As the three most successful companies in China’s internet sector, BAT has leveraged its sophisticated financial strategies and substantial resource reserves to expand aggressively across the domestic internet landscape, aiming to build its own “ecological empire.” Data shows that 80% of the top 30 new elites in China’s internet industry are backed by BAT.
As globalization accelerates, the BAT companies (Baidu, Alibaba, and Tencent) have begun to expand into international markets, with overseas investment serving as a key strategic priority. In terms of investment logic, Baidu and Alibaba adhere to their core strategic lines: the former favors artificial intelligence and autonomous driving, while the latter focuses on consumer sectors such as clothing, food, housing, and transportation. In contrast, Tencent has fully adopted an “investment banking” model, collaborating with top-tier global investment firms such as Sequoia Capital, Y Combinator, and NEA to pursue a diversified investment portfolio, with healthcare startups representing a major focus area.

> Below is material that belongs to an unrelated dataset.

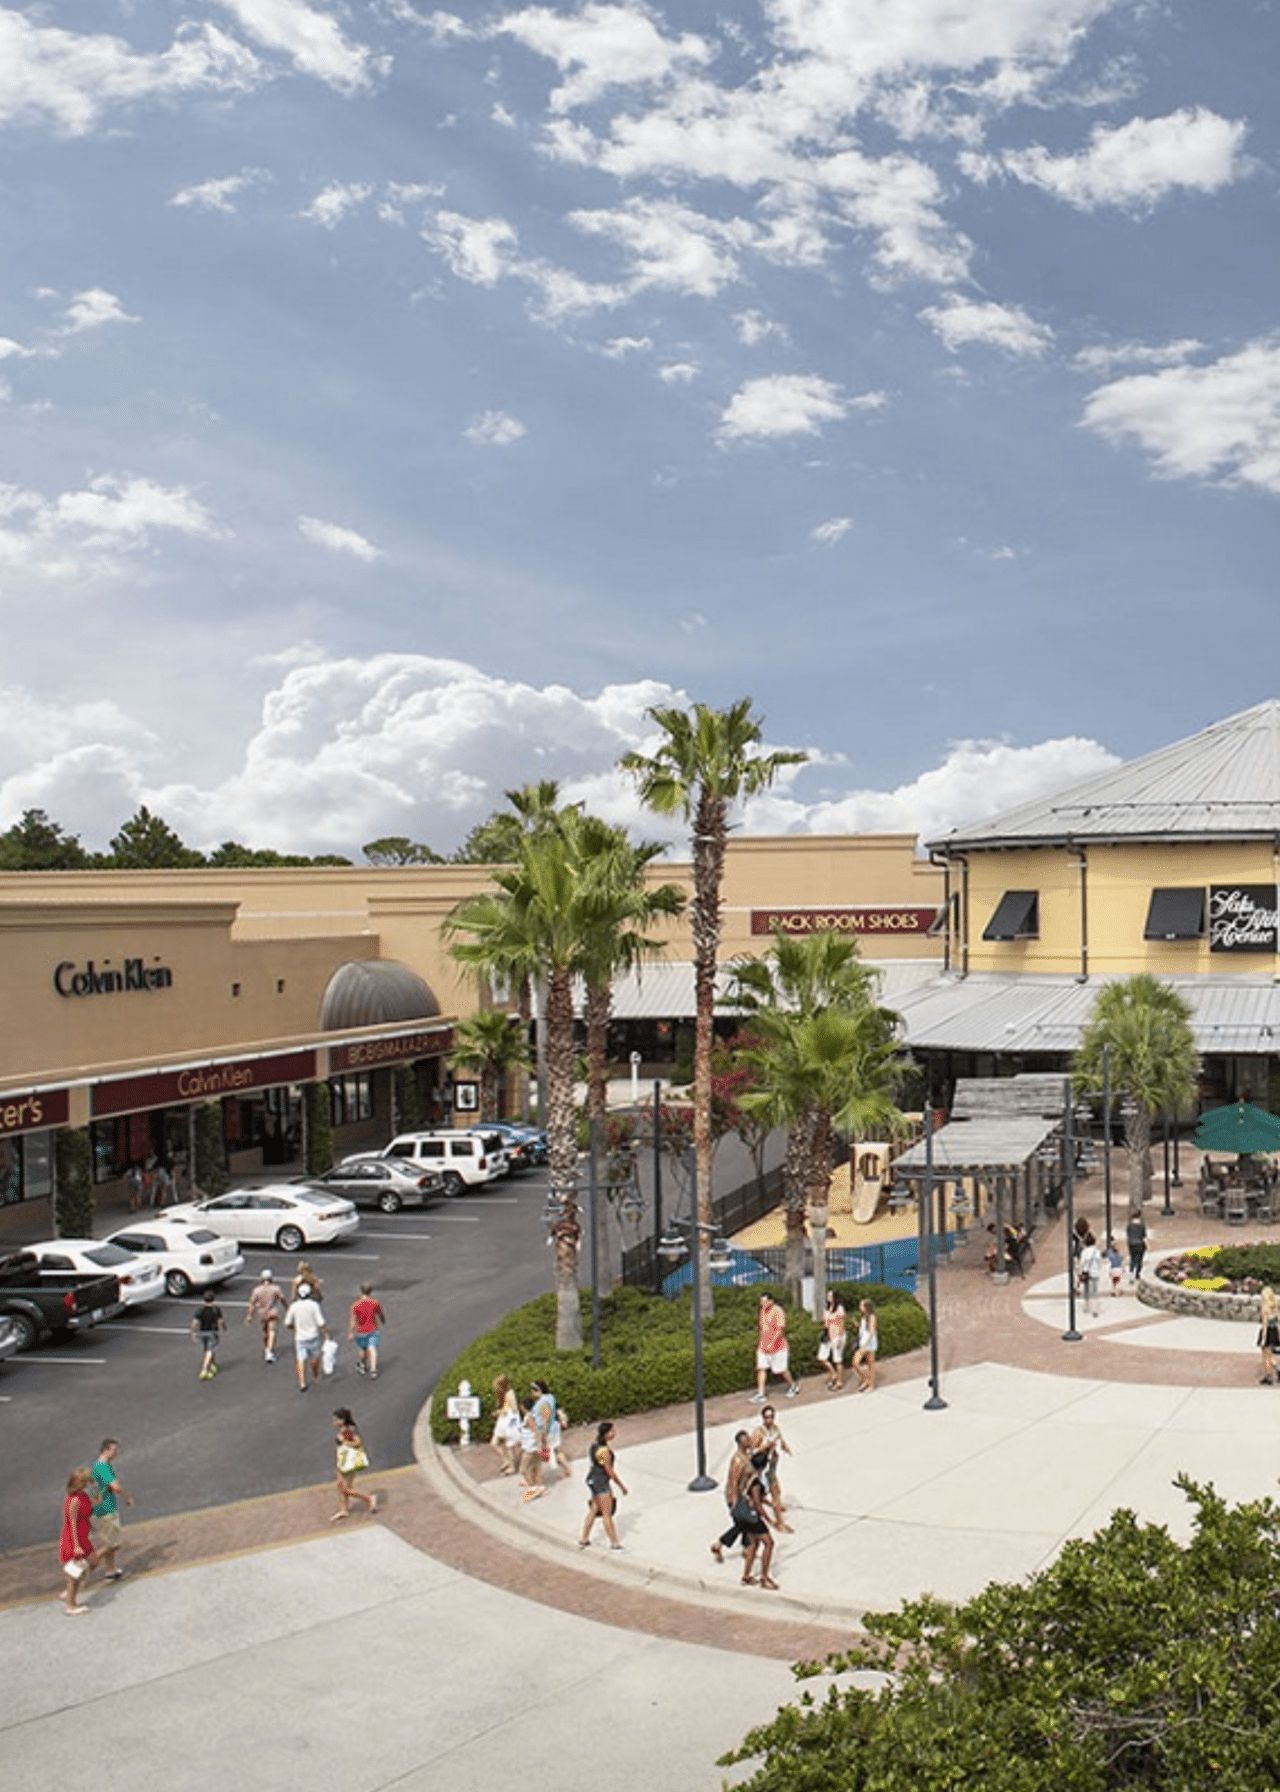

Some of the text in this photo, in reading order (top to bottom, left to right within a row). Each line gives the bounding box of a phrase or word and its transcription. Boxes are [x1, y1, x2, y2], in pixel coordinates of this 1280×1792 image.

[815, 913, 865, 930] ROOM
[868, 912, 919, 930] SHOES
[0, 1095, 43, 1129] er's

VCBeat (WeChat ID: vcbeat) has mapped out the overseas healthcare investment strategies of BAT, focusing on their investment logic and subsequent moves.

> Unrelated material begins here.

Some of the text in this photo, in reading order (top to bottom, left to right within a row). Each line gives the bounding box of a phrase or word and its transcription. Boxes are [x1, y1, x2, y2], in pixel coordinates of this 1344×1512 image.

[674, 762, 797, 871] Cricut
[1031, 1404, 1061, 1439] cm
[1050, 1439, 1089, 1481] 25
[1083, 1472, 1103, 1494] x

Baidu Prioritizes Technology, Alibaba Focuses on Consumer Entertainment, and Tencent Has Extensive Reach
BAT’s overseas investments have continued their robust momentum seen in China. According to Crunchbase data, in 2017, Baidu made six overseas investments, Alibaba ten, and Tencent twenty.
Among them, Tencent has the broadest investment scope, with investments spanning the United States, Canada, Germany, Thailand, India, and other regions, covering sectors such as artificial intelligence, culture and entertainment, finance, e-commerce, and healthcare. Alibaba primarily focuses its investments on Southeast Asia, mainly in the fields of e-commerce and new retail. Baidu’s investment efforts are chiefly directed toward the United States, with a focus on enterprise services and artificial intelligence.

The 2017 investment data of BAT also reveals the differing development strategies of the three companies. Baidu, founded and built on technology, has recently announced its “All-in AI” strategy, seeking to acquire cutting-edge technologies in this field through investments to lay the foundation for future growth. Alibaba, which started with e-commerce, focuses its core business on the consumer sector. In recent years, it has prioritized “Big Entertainment” and “New Retail,” a strategic approach that extends to its overseas investments as well.
The core keyword of Tencent’s development is “connection,” encompassing connections between people, between people and information, and between businesses and consumers. Following the implementation of its “open” strategy, Tencent has primarily pursued emerging opportunities (“windfalls”) through investment partnerships or by providing traffic gateways. As a result, Tencent boasts the broadest reach and has entered the widest array of industry sectors.
Overview of BAT's Overseas Healthcare Investments
Baidu has not been active in overseas investments, particularly in the healthcare sector. However, since the beginning of 2018, Baidu has made three healthcare investments outside mainland China. Alibaba invested last year in a diabetes management company based in Taiwan, China, and a genomics company in Hong Kong, China.
Tencent began its expansion into the overseas healthcare sector in 2015, cumulatively investing in 14 projects primarily located in the United States. These investments span multiple fields, including smart hardware, medical big data, genomics, and telemedicine. The majority of these are early-stage projects, with relatively modest investment scales.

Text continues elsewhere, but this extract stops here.